Task objective → The whole listing needs retyping exactly; keep the pictures out of it.

Data for review →
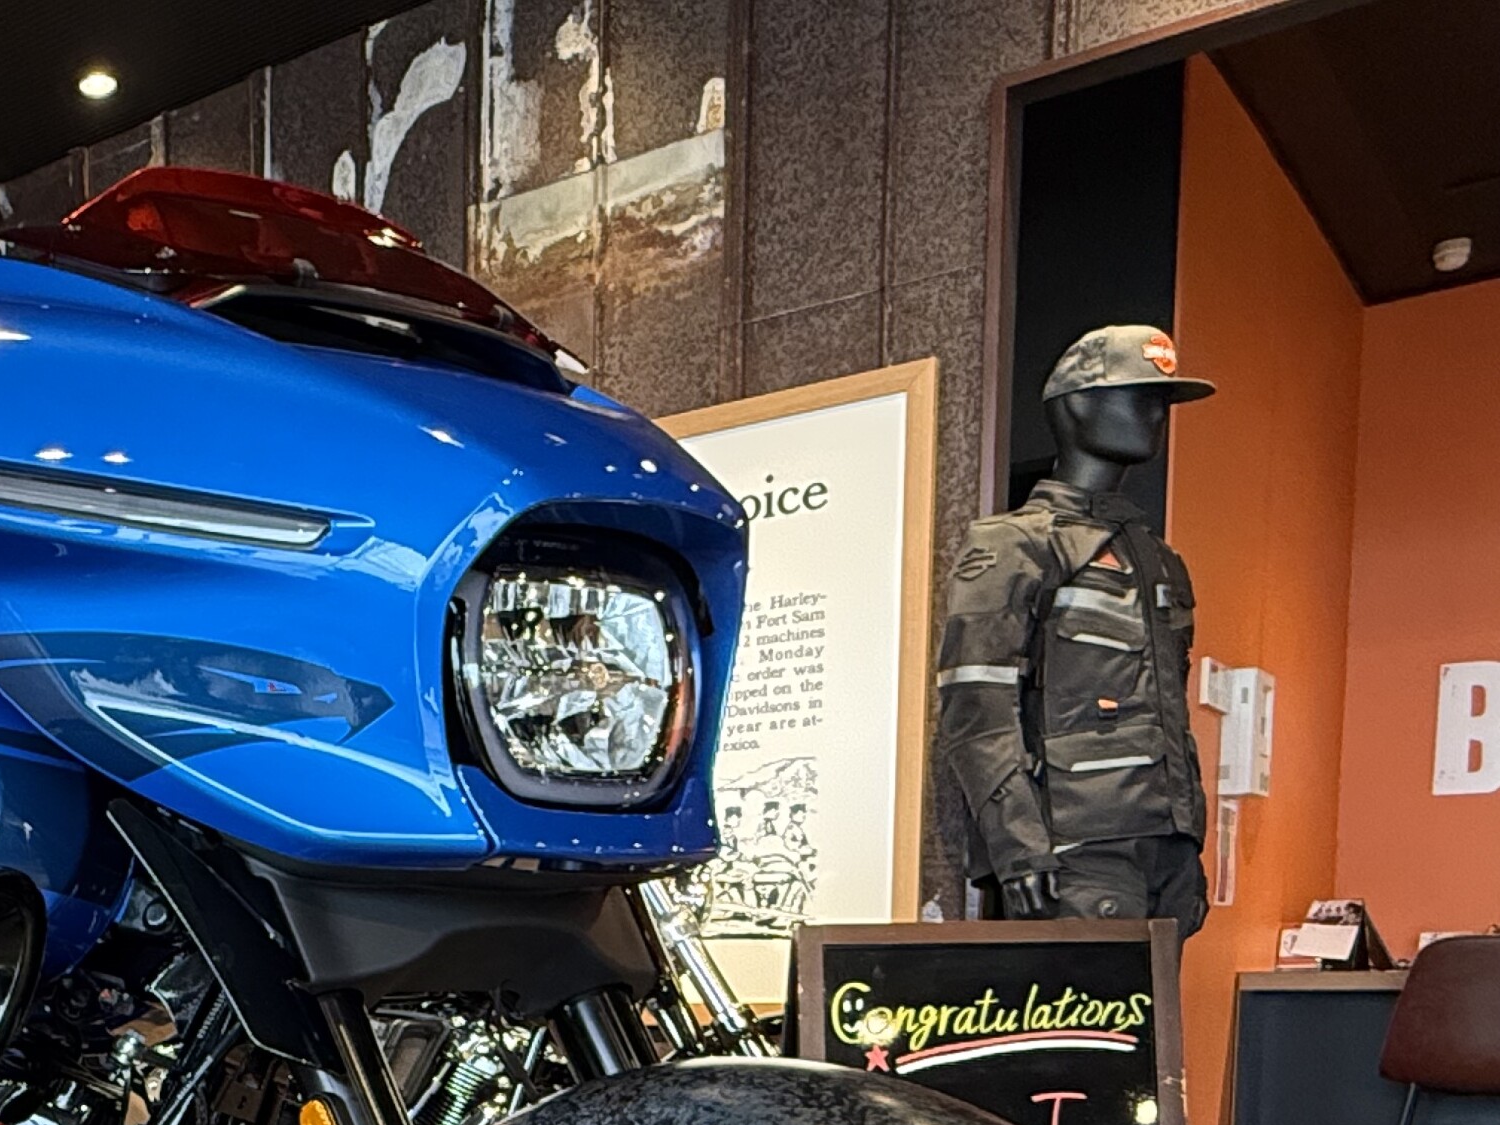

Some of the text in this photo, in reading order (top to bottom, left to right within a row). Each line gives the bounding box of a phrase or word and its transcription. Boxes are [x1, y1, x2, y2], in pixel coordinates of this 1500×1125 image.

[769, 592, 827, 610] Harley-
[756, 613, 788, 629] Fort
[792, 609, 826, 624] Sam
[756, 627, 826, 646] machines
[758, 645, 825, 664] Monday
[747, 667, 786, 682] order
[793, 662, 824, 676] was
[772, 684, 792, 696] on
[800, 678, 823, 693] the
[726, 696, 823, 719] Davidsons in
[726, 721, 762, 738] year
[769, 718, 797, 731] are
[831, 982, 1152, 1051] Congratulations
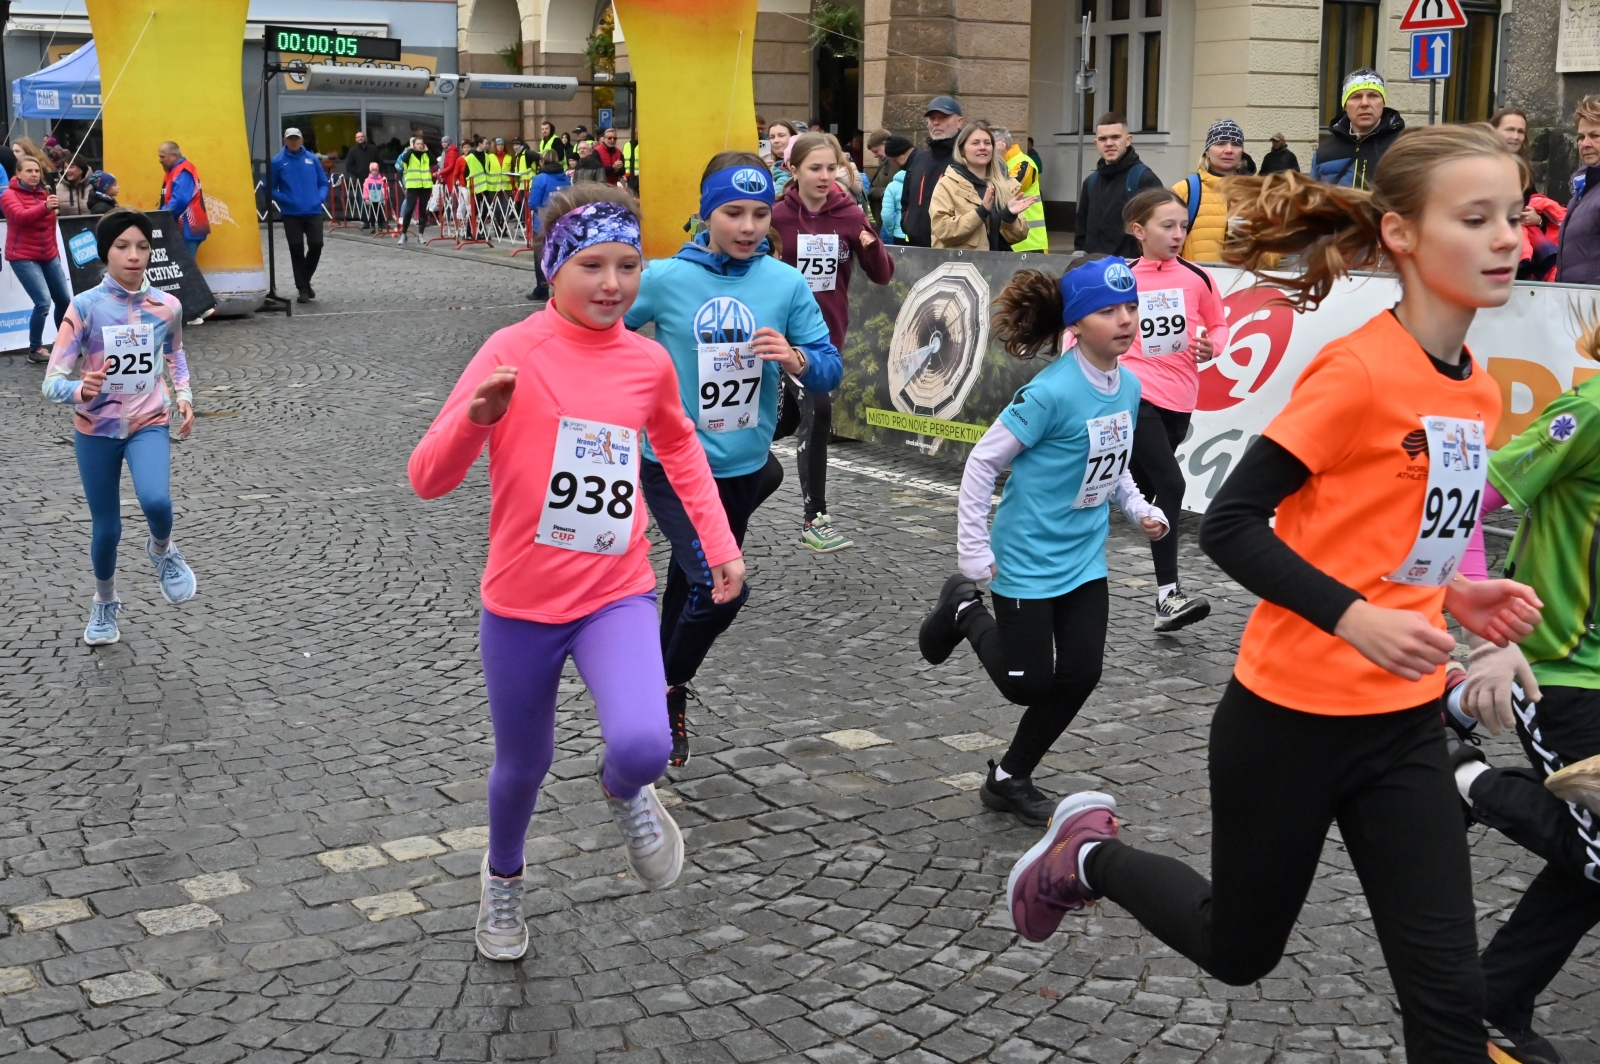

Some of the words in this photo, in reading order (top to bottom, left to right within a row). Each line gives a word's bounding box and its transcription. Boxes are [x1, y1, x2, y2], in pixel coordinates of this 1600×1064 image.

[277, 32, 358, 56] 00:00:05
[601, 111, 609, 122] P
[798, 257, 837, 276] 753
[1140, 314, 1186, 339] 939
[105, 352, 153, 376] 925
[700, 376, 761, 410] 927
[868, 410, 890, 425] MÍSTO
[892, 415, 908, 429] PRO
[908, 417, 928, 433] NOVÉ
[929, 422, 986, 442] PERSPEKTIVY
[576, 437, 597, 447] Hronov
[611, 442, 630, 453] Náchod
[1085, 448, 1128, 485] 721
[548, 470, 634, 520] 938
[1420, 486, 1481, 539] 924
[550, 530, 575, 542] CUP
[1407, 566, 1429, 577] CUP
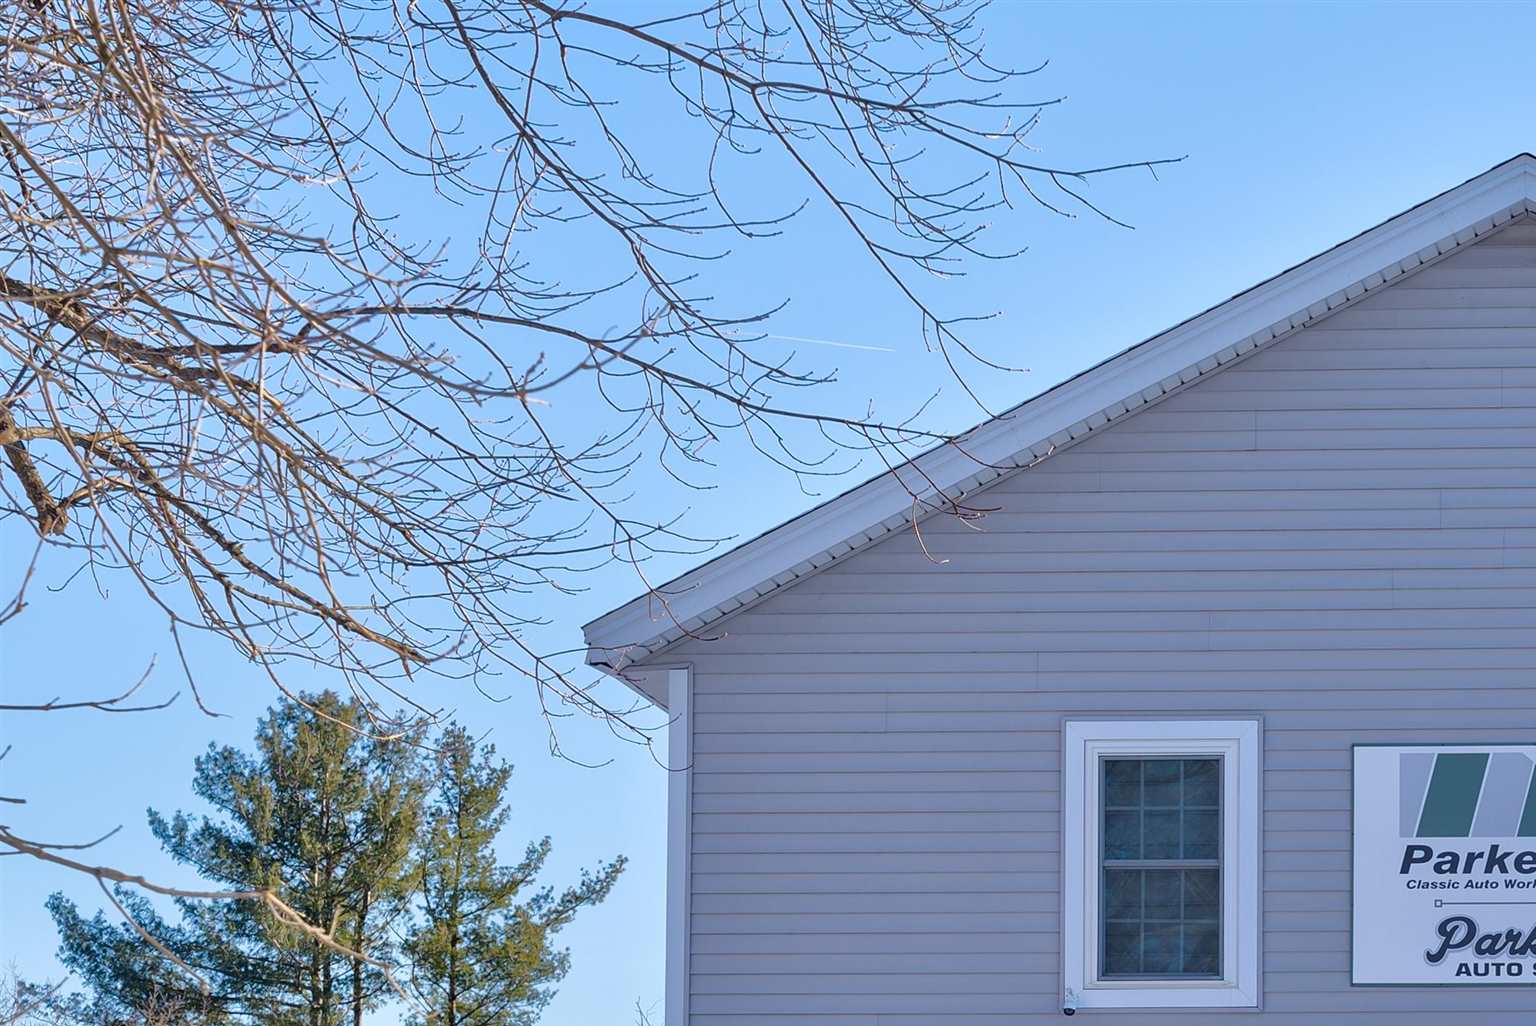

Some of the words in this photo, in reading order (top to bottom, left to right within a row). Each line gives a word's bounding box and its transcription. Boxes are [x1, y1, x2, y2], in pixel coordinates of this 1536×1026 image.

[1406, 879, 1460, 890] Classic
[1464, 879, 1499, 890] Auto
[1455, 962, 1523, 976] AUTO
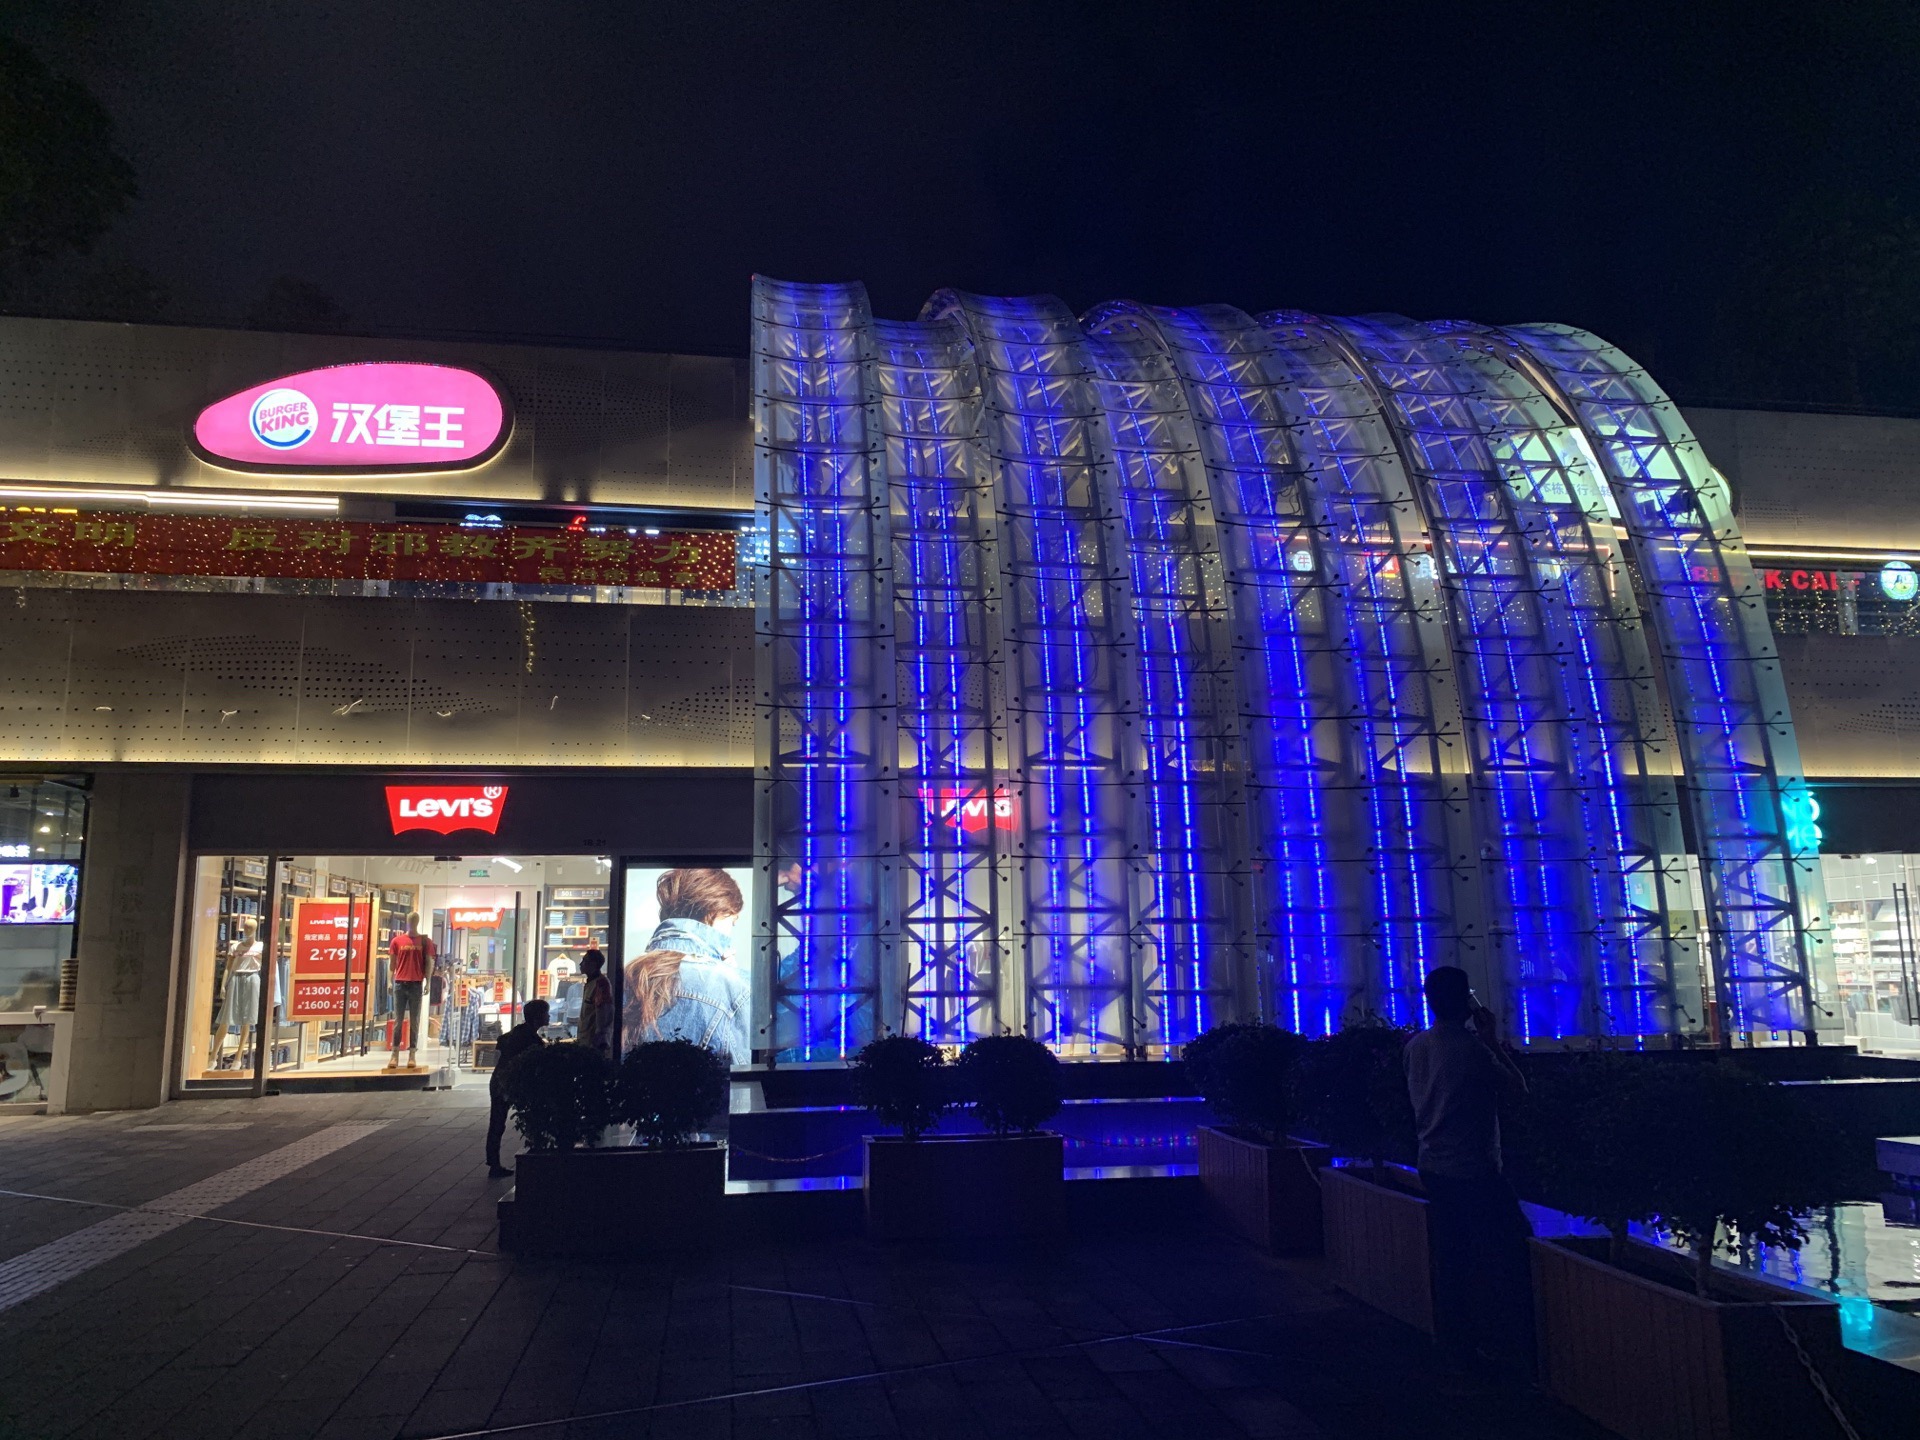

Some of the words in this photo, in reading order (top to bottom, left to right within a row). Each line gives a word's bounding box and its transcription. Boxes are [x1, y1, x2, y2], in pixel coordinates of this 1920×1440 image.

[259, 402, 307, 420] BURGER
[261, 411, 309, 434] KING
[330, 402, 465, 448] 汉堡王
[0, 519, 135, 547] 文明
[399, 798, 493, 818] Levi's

Response area →
Some of the text in this photo, in reading order (top to bottom, left to right within a row). Each line gives the bounding box of a phrase or word and its transcription. Boxes are [x1, y1, x2, y2], in pixel coordinates of this 1500×1125 image.

[769, 592, 827, 610] Harley-
[756, 613, 788, 629] Fort
[792, 609, 826, 624] Sam
[756, 627, 826, 646] machines
[758, 645, 825, 664] Monday
[747, 667, 786, 682] order
[793, 662, 824, 676] was
[772, 684, 792, 696] on
[800, 678, 823, 693] the
[726, 696, 823, 719] Davidsons in
[726, 721, 762, 738] year
[769, 718, 797, 731] are
[831, 982, 1152, 1051] Congratulations

Some of the words in this photo, in reading order (top to bottom, left to right within a row). Each line gives a word's bounding box and its transcription. Boxes are [x1, y1, x2, y2], in pixel coordinates of this 1600×1064 image.

[277, 32, 358, 56] 00:00:05
[601, 111, 609, 122] P
[798, 257, 837, 276] 753
[1140, 314, 1186, 339] 939
[105, 352, 153, 376] 925
[700, 376, 761, 410] 927
[868, 410, 890, 425] MÍSTO
[892, 415, 908, 429] PRO
[908, 417, 928, 433] NOVÉ
[929, 422, 986, 442] PERSPEKTIVY
[576, 437, 597, 447] Hronov
[611, 442, 630, 453] Náchod
[1085, 448, 1128, 485] 721
[548, 470, 634, 520] 938
[1420, 486, 1481, 539] 924
[550, 530, 575, 542] CUP
[1407, 566, 1429, 577] CUP

Some of the words in this photo, in reading order (top to bottom, left to right within a row). Each line gives a word's bounding box and its transcription. Boxes are [x1, y1, x2, y2], in pixel coordinates of this 1536×1026 image.

[1406, 879, 1460, 890] Classic
[1464, 879, 1499, 890] Auto
[1455, 962, 1523, 976] AUTO

Some of the words in this photo, in reading order (top to bottom, left to right within a row). Each line gives a word's bounding box and its transcription. Boxes are [x1, y1, x2, y2], in pixel coordinates of this 1920×1440 image.

[259, 402, 307, 420] BURGER
[261, 411, 309, 434] KING
[330, 402, 465, 448] 汉堡王
[0, 519, 135, 547] 文明
[399, 798, 493, 818] Levi's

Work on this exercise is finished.